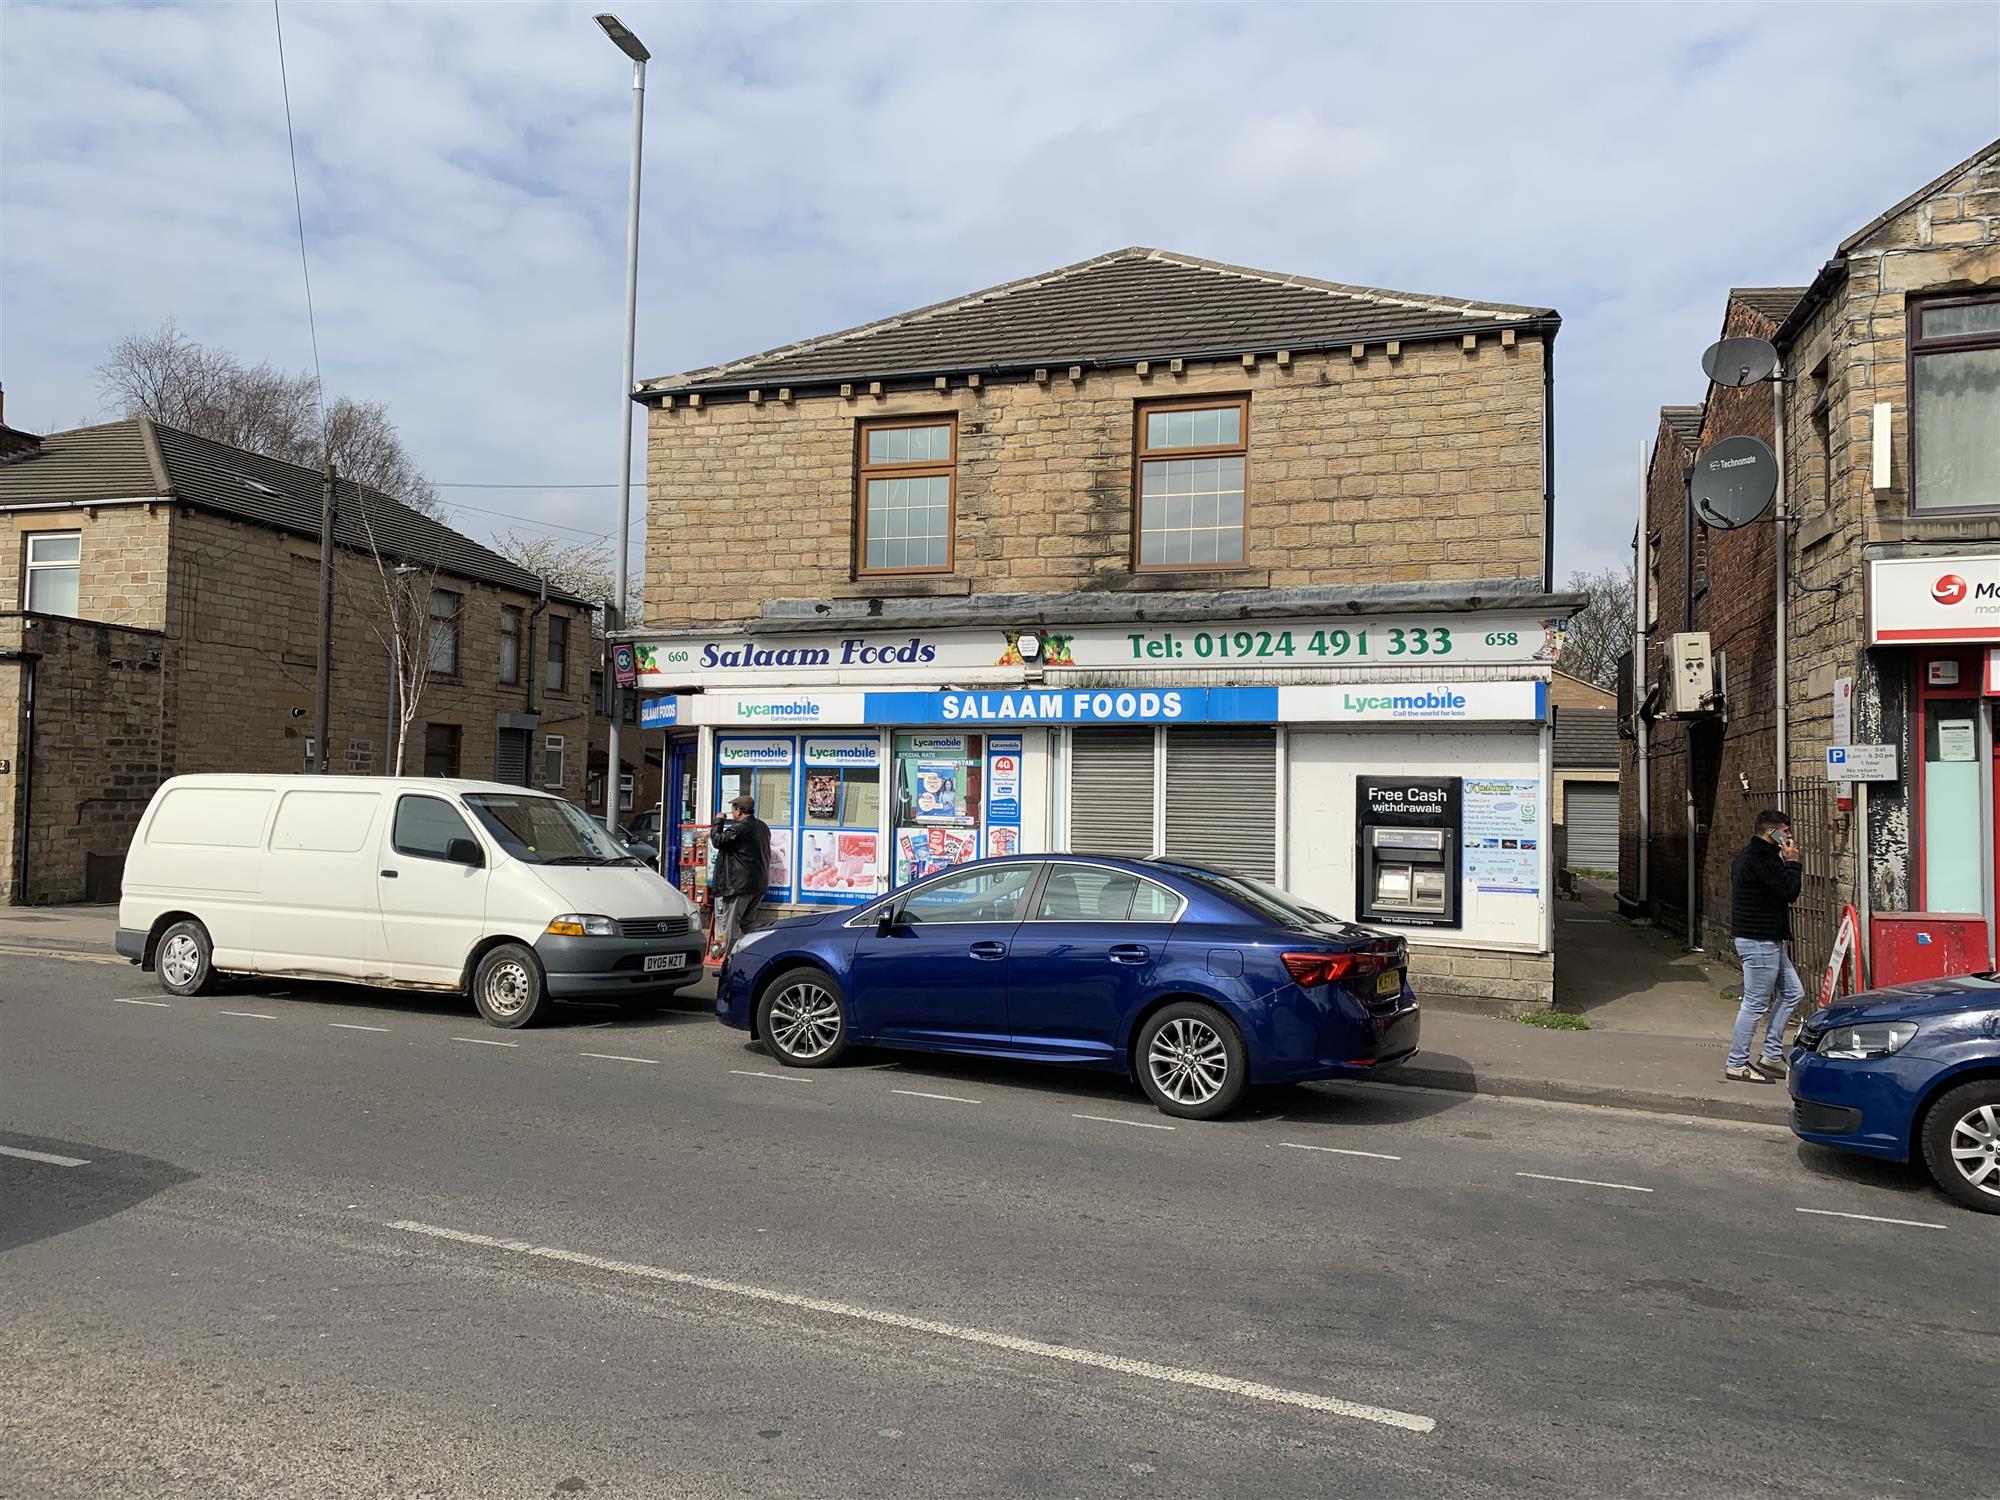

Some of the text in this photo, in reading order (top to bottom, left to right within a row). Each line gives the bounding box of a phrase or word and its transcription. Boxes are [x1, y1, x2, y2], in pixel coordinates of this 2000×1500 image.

[1720, 456, 1756, 468] Technomate
[1128, 628, 1452, 658] Tel: 01924 491 333
[1485, 632, 1518, 646] 658
[668, 652, 688, 662] 660
[700, 638, 936, 668] Salaam Foods
[738, 701, 820, 717] Lycamobile
[943, 692, 1182, 720] SALAAM FOODS
[1344, 692, 1466, 713] Lycamobile
[642, 704, 676, 722] SALAAM FOODS
[914, 739, 961, 748] Lycamobile
[725, 748, 787, 759] Lycamobile
[810, 747, 876, 760] Lycamobile
[1368, 787, 1447, 801] Free Cash
[1372, 802, 1442, 813] withdrawals
[648, 957, 667, 969] DY05

#####

In your copy of the records above, include no pictures and match every line exactly.

Some of the text in this photo, in reading order (top to bottom, left to right within a row). Each line gives the bounding box of a phrase or word and its transcription. Boxes are [x1, y1, x2, y2], in pixel coordinates of this 2000×1500 image.

[1720, 456, 1756, 468] Technomate
[1128, 628, 1452, 658] Tel: 01924 491 333
[1485, 632, 1518, 646] 658
[668, 652, 688, 662] 660
[700, 638, 936, 668] Salaam Foods
[738, 701, 820, 717] Lycamobile
[943, 692, 1182, 720] SALAAM FOODS
[1344, 692, 1466, 713] Lycamobile
[642, 704, 676, 722] SALAAM FOODS
[914, 739, 961, 748] Lycamobile
[725, 748, 787, 759] Lycamobile
[810, 747, 876, 760] Lycamobile
[1368, 787, 1447, 801] Free Cash
[1372, 802, 1442, 813] withdrawals
[648, 957, 667, 969] DY05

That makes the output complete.